A Twitter campaign increased followers by 50%.
Xerox has a small budget dedicated to experimenting with emerging ad and marketing platforms, but CMO Christa Carone is selective in choosing where those dollars go. The company, founded in the early 1900s, ran a small paid tweets campaign on Twitter that helped boost follower numbers and drove traffic to a YouTube video intended to help re-brand Xerox as a 21st century tech services firm.
The company also takes a nuanced approach to international social media management, allowing execs at its 160 country locations to create Facebook, Twitter, or LinkedIn accounts, but monitoring them for quality assurance. The U.S. marketing team recently had to shut down one of those Facebook pages when it wasn't up to snuff.
"We've been allocating some dollars for experimentation every year because the marketing landscape is changing so quickly every single month," Carone told ClickZ on Monday. That experimental media budget accounts for less than 5 percent of the overall marketing budget, she said.
"As a result of our recent paid Twitter activity, we increased interested followers by 50 percent, and increased awareness of a new video on our YouTube channel through engagements including retweets, replies, favorites, and clicks," said Carone. The company also ran a promoted "Who to Follow" campaign targeted to people interested in B2B.
"When I look at this from a business-to-business perspective... I say 'OK, paid Twitter promotion activity can be effective in a very tactical way.' " She would not use the platform to market to large corporate clients buying multi-million dollar systems and services. In addition to selling printers, Xerox offers IT outsourcing services, handles transactional processing for highway payment systems such as E-ZPass, and does administration of electronic medical records.
The firm does a lot of "very targeted digital advertising" such as display advertising when promoting specific, lower-priced products, said Carone.
"I know that the CIOs of major companies are not going to be making a $5 million... deal based on their connection with Xerox on Facebook," she told the audience during a Digitas New Front event last month. A ClickZ article detailing her comments generated a lively discussion and some skepticism about Xerox's social media marketing.
"I'm always encouraging my team to come to me with an idea," said Carone. "Somebody did come forward with a Pinterest idea the other day," she added, noting that her team has presented a handful of marketing ideas including "good old fashioned direct marketing" that she needs to evaluate. "I'm looking at all of these.... The one thing that marketers have right now are a tremendous amount of options, but we [don't have] a tremendous amount of dollars."

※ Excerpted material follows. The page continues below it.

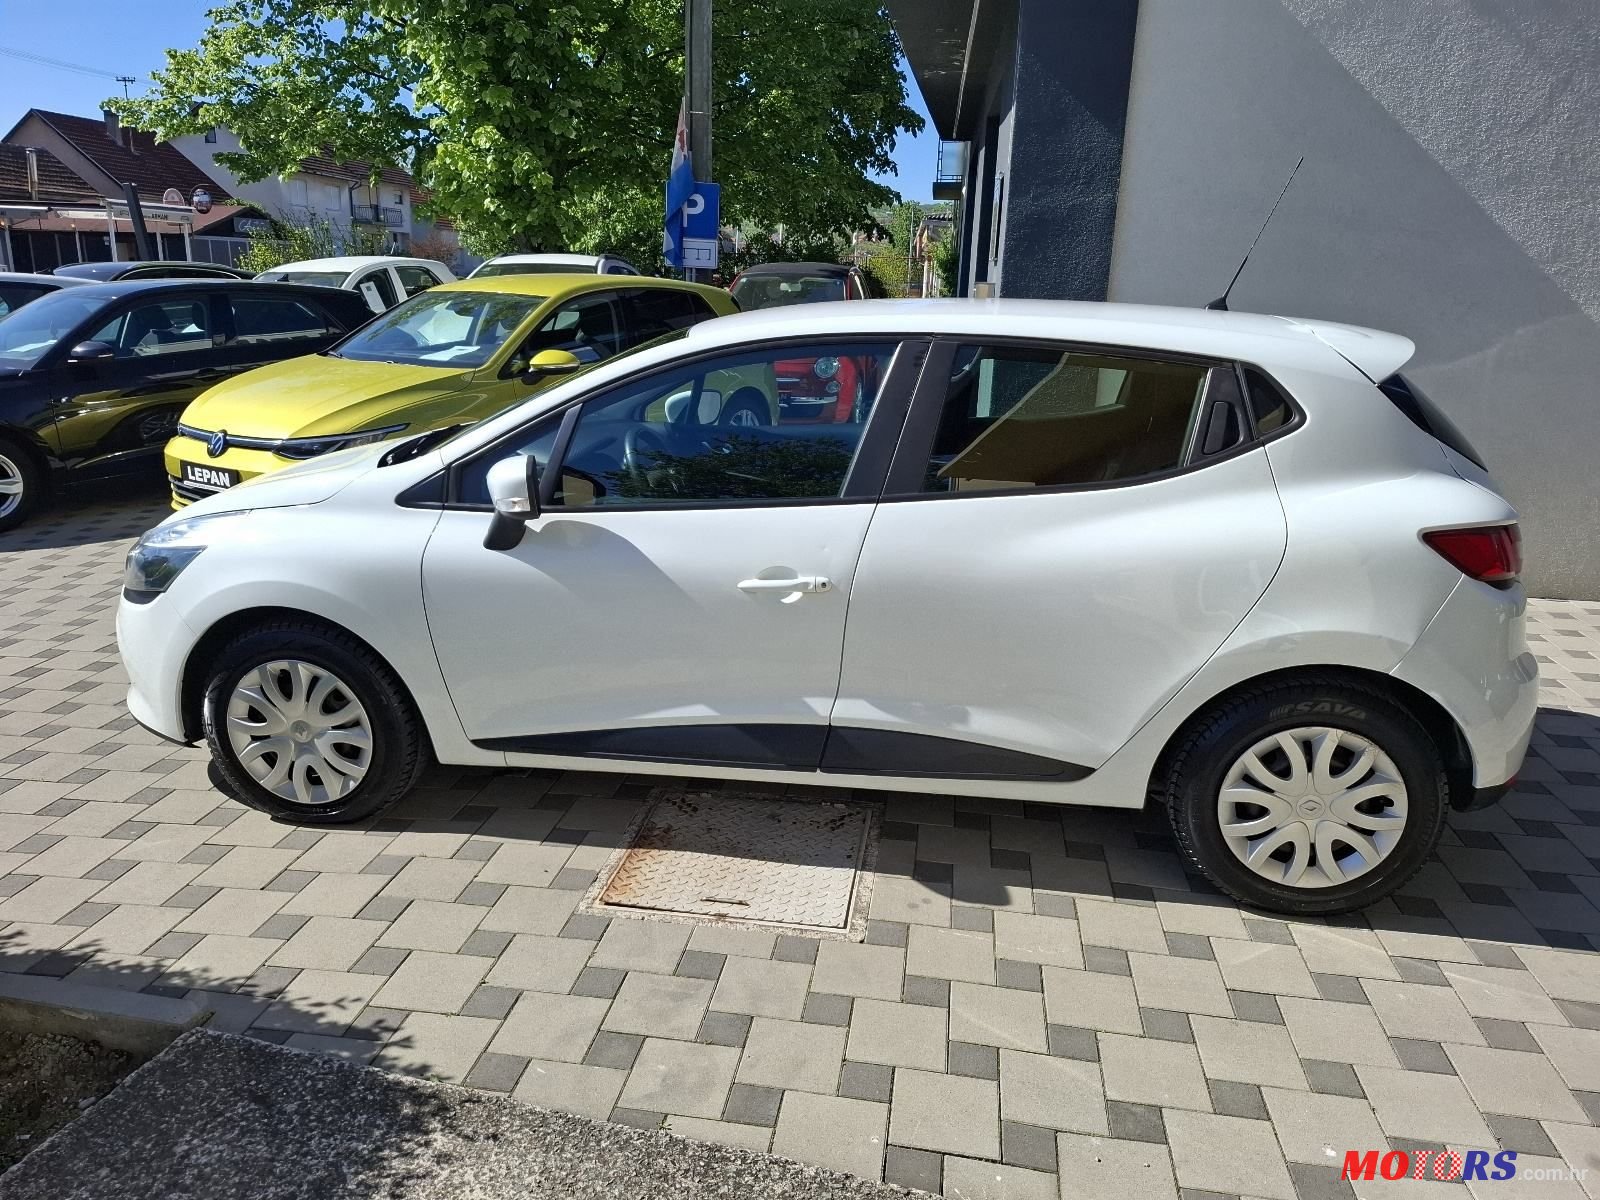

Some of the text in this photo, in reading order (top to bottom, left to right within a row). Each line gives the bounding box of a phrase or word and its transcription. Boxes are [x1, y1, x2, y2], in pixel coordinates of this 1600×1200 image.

[683, 194, 704, 227] P
[187, 465, 230, 487] LEPAN
[1296, 701, 1366, 719] SAVA

Xerox does not have a digital group in its marketing team. Rather, said Carone, "Digital is absolutely part of the business-as-usual landscape for everything that we do."
The company launched its "A World Made Simpler" YouTube video April 16 and promoted it via paid tweets. The video's goal is to shift perceptions of the Xerox brand and help educate potential clients about the company's newer business services offerings. It's become a tool for the firm's direct sales force to help start a conversation about Xerox.

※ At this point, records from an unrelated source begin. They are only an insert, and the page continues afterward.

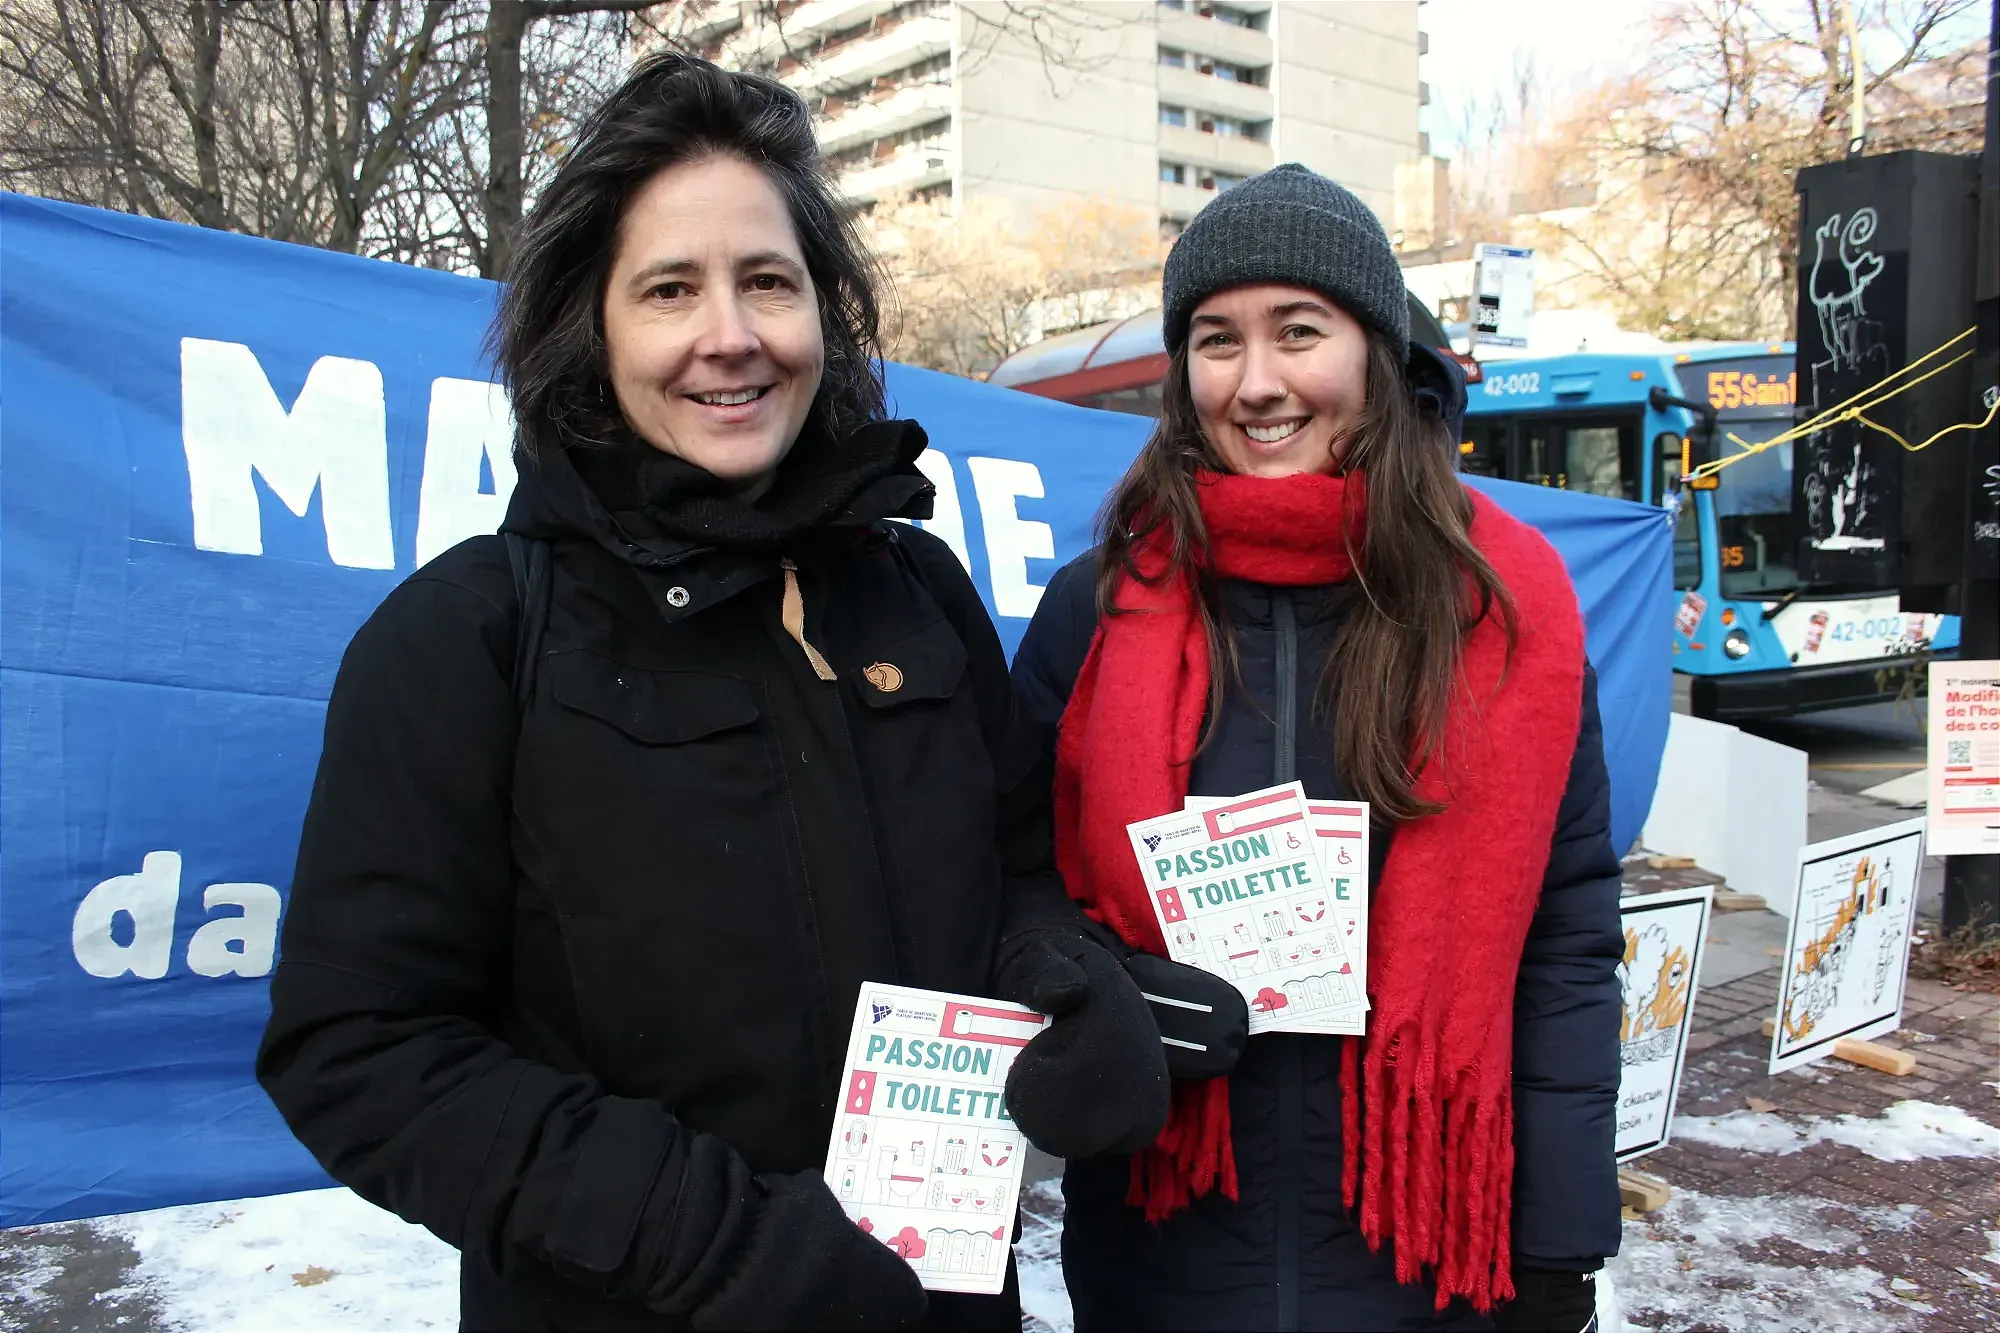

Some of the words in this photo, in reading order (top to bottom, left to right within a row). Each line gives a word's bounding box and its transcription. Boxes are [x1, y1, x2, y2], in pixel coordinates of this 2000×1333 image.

[1484, 372, 1541, 396] 42-002
[1831, 616, 1900, 641] 42-002
[1946, 706, 1966, 717] de
[1946, 720, 1976, 731] des
[1155, 833, 1271, 882] PASSION
[1188, 862, 1312, 909] TOILETTE
[1332, 878, 1350, 901] E
[865, 1034, 993, 1075] PASSION

"We look at marketing as an engagement tool," said Carone.
As opposed to Facebook, LinkedIn has been a better place for Xerox to interact with corporate clients and potential clients. The company plans to showcase 25 of its technology products and services on its corporate LinkedIn page in about two weeks, said Erin Isselmann, director of social media PR for Xerox.
"For the first time ever, people are sharing [our] content on LinkedIn," said Isselmann. "I think it's because LinkedIn is the platform that people are increasingly going to."

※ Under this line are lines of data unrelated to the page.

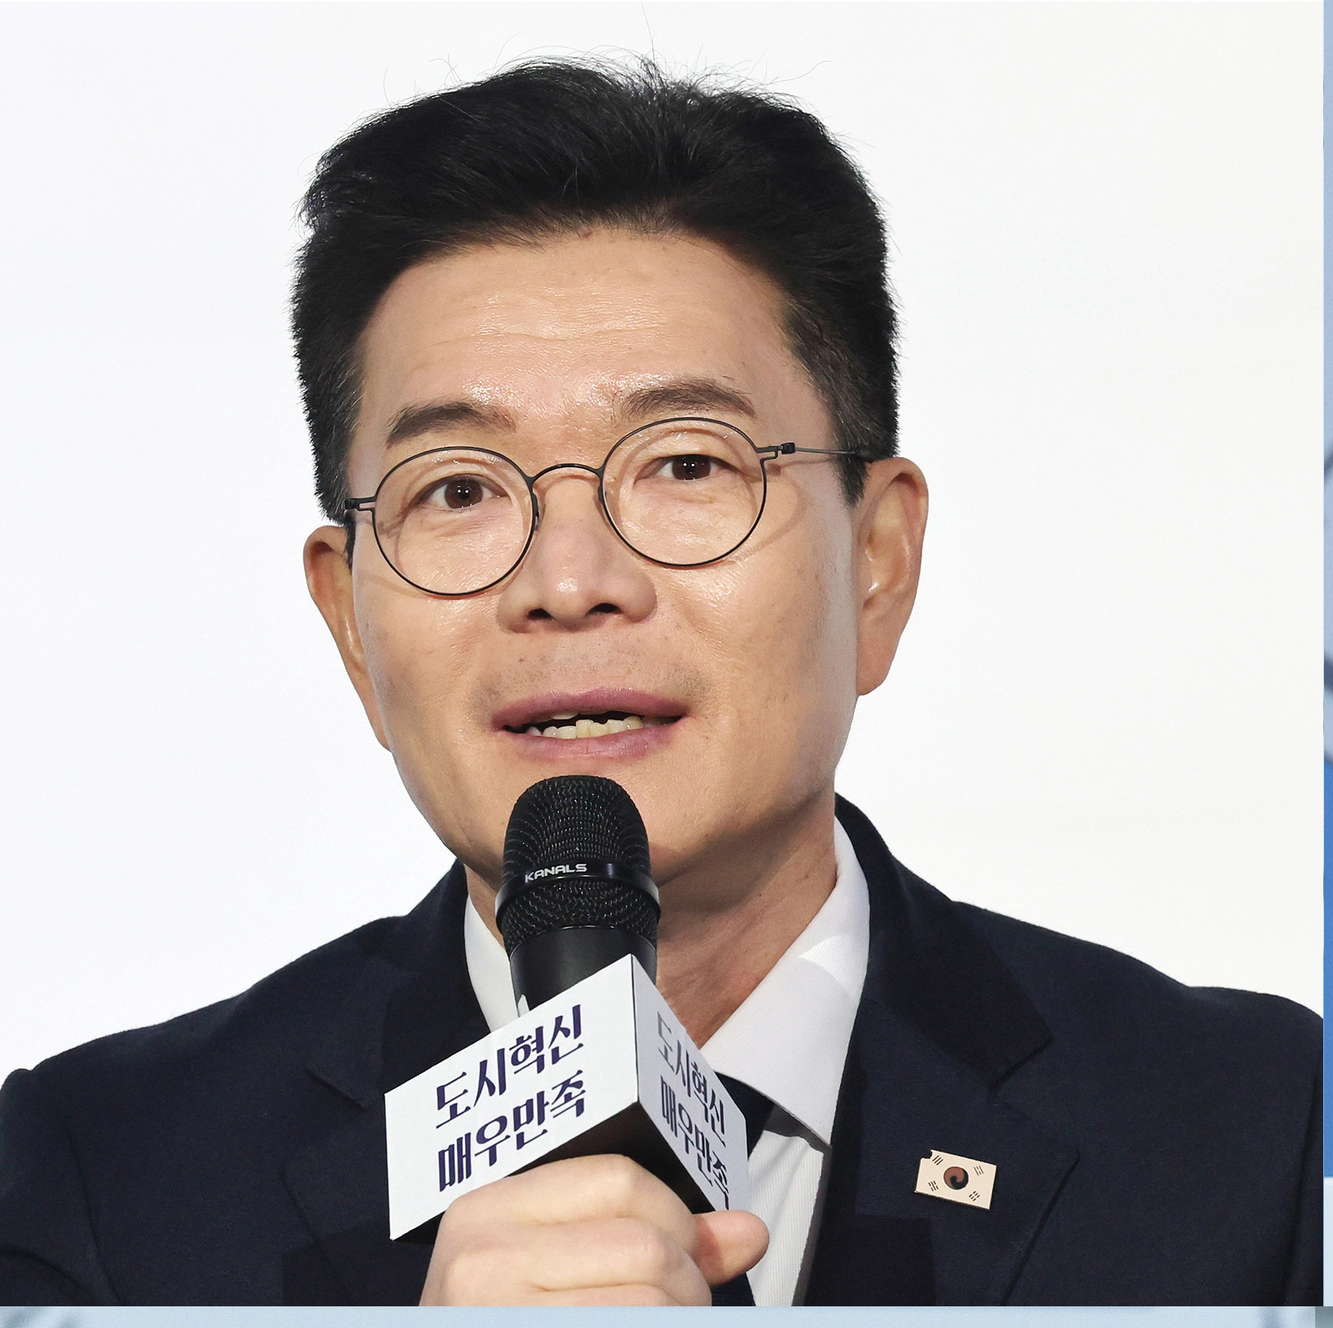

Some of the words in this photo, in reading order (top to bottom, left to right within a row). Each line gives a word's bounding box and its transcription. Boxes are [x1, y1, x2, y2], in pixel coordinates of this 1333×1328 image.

[524, 863, 588, 884] KANALS
[434, 1004, 584, 1130] 도시혁신
[656, 1011, 727, 1148] 도시혁신
[437, 1071, 587, 1192] 매우만족
[660, 1074, 730, 1211] 매우만족

When attempting to influence a 10-year, billion dollar outsourcing deal, potential clients are "not going to be in the same mindset [on Facebook] as [they] are on LinkedIn," said Carone.
The firm does encourage its execs overseas to use social media including Facebook, though. "Anyone can come to corporate and put up a Facebook page; we'll provide all the guidance you need," said Carone, adding that Xerox does not centralize marketing efforts because it is based in so many different countries. Her team does monitor what international teams are doing, and gets involved if there's a problem.
For instance, they removed a country-specific Facebook page recently because the person managing it wasn't providing enough content there. "It just wasn't being managed," said Carone, who said she couldn't recall which country office the page represented. "It's a really good example of how a social media governance model can work for a really large company," she continued.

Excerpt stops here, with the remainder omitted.